■ TASK DIRECTIONS
A faithful copy of each entry below is expected, with the images removed.

■ GIVEN DATA
+-------+
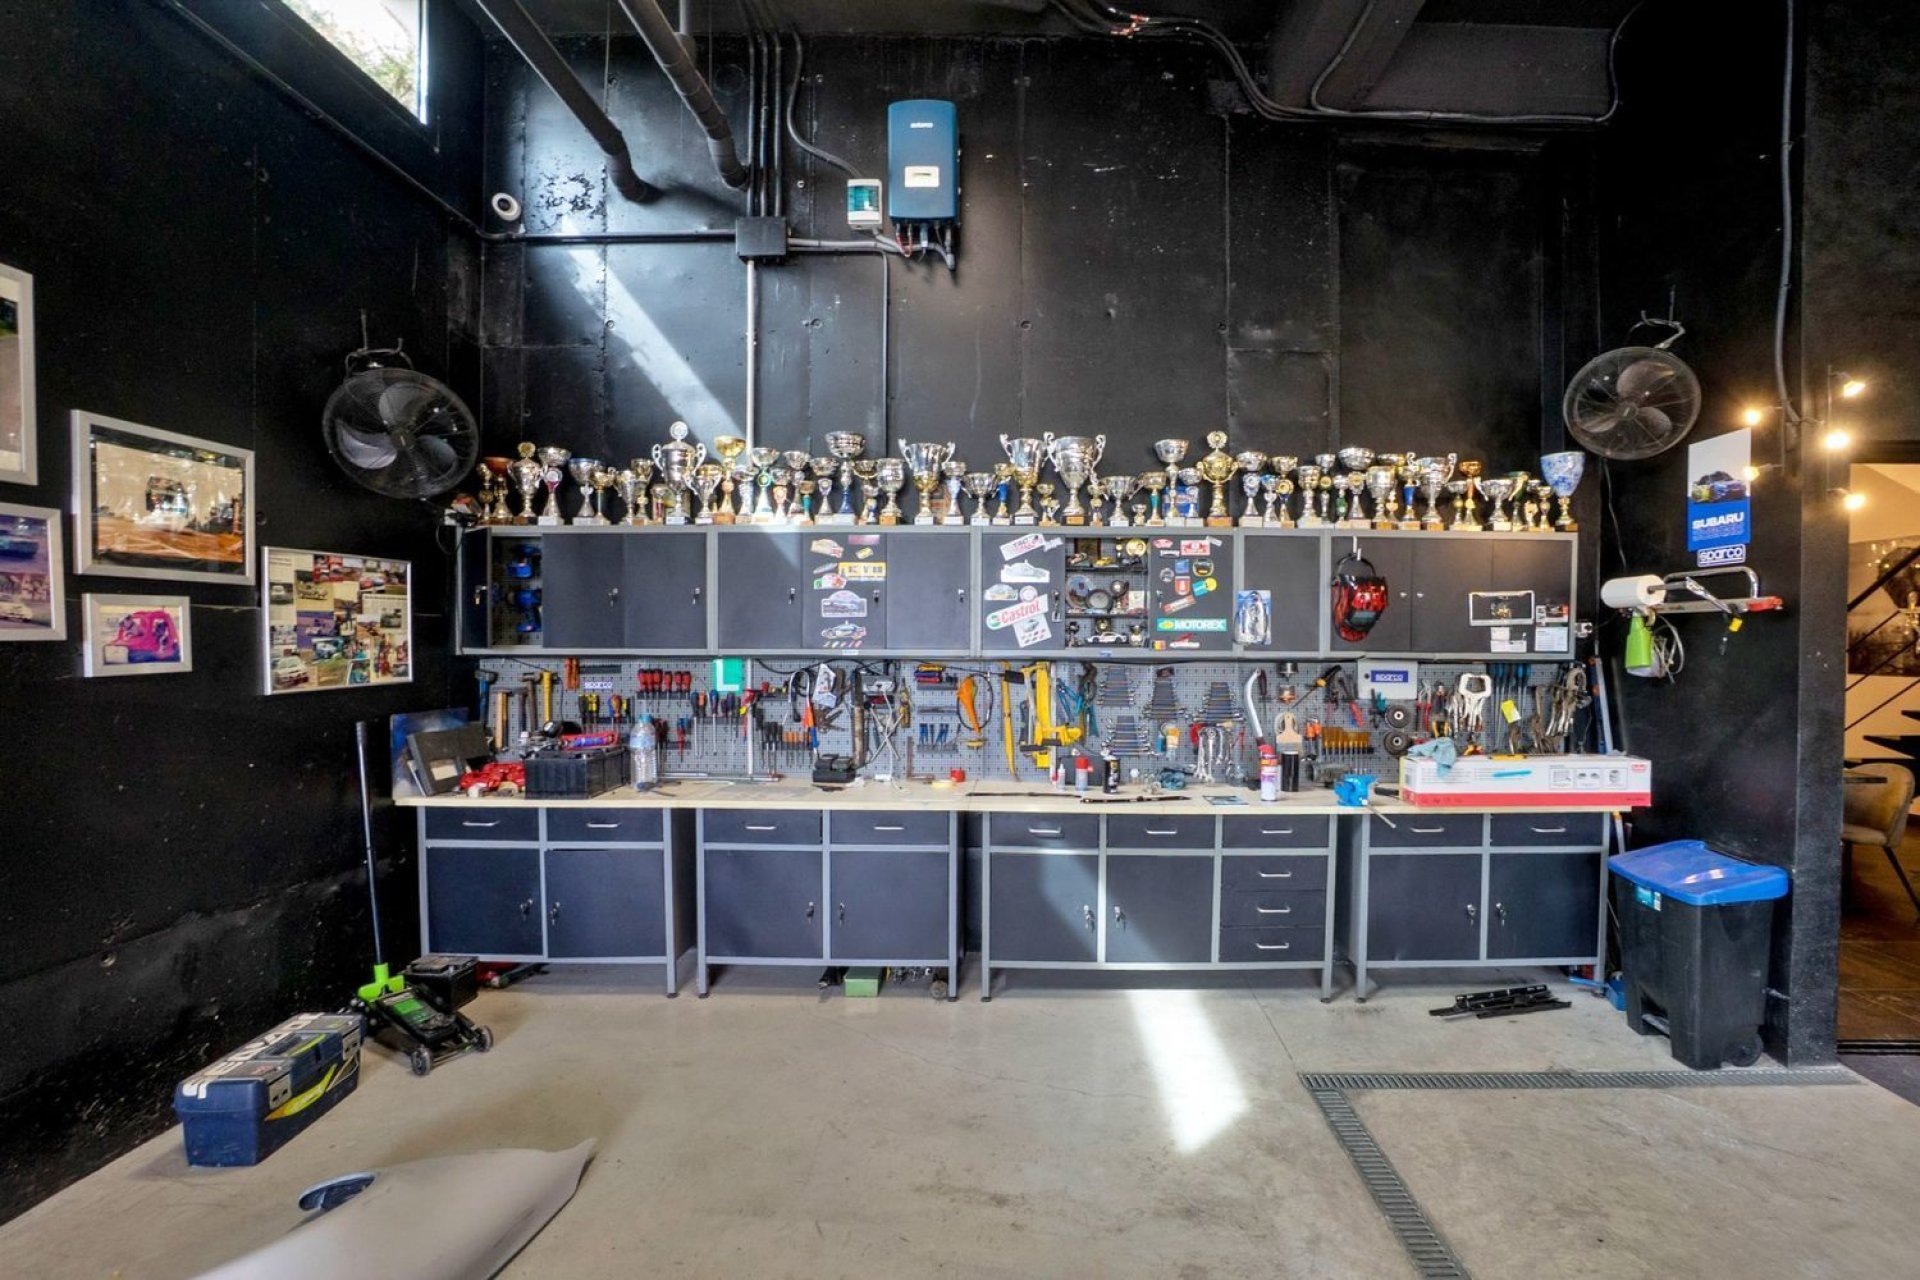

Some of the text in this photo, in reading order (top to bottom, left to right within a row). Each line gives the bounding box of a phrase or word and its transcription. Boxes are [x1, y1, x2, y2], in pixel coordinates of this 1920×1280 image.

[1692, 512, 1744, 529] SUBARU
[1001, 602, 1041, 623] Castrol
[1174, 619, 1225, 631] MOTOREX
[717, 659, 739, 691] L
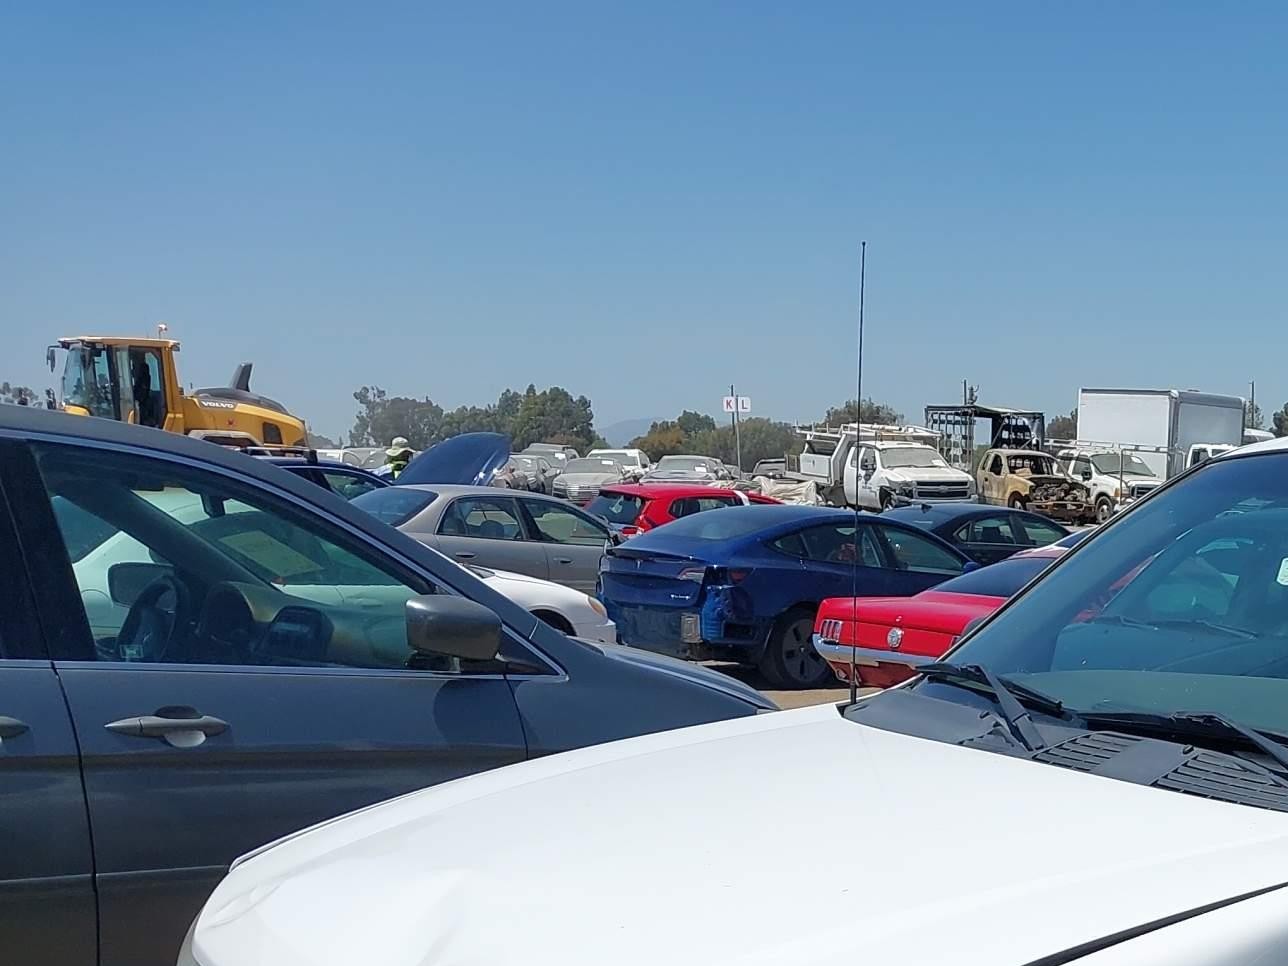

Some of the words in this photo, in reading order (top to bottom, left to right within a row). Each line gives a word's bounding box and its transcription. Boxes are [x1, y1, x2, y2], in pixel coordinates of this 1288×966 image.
+-------+
■ FINAL ANSWER
Some of the text in this photo, in reading order (top to bottom, left to right within a row). Each line gives the bounding box of a phrase or word and its transcription. Boxes are [x1, y1, x2, y2], in pixel coordinates of this 1920×1280 image.

[1692, 512, 1744, 529] SUBARU
[1001, 602, 1041, 623] Castrol
[1174, 619, 1225, 631] MOTOREX
[717, 659, 739, 691] L

Some of the words in this photo, in reading order (top to bottom, left to right within a row). Each line gives a word's bounding box and its transcription. Boxes are [x1, y1, x2, y2], in pixel coordinates of this 1288×966 image.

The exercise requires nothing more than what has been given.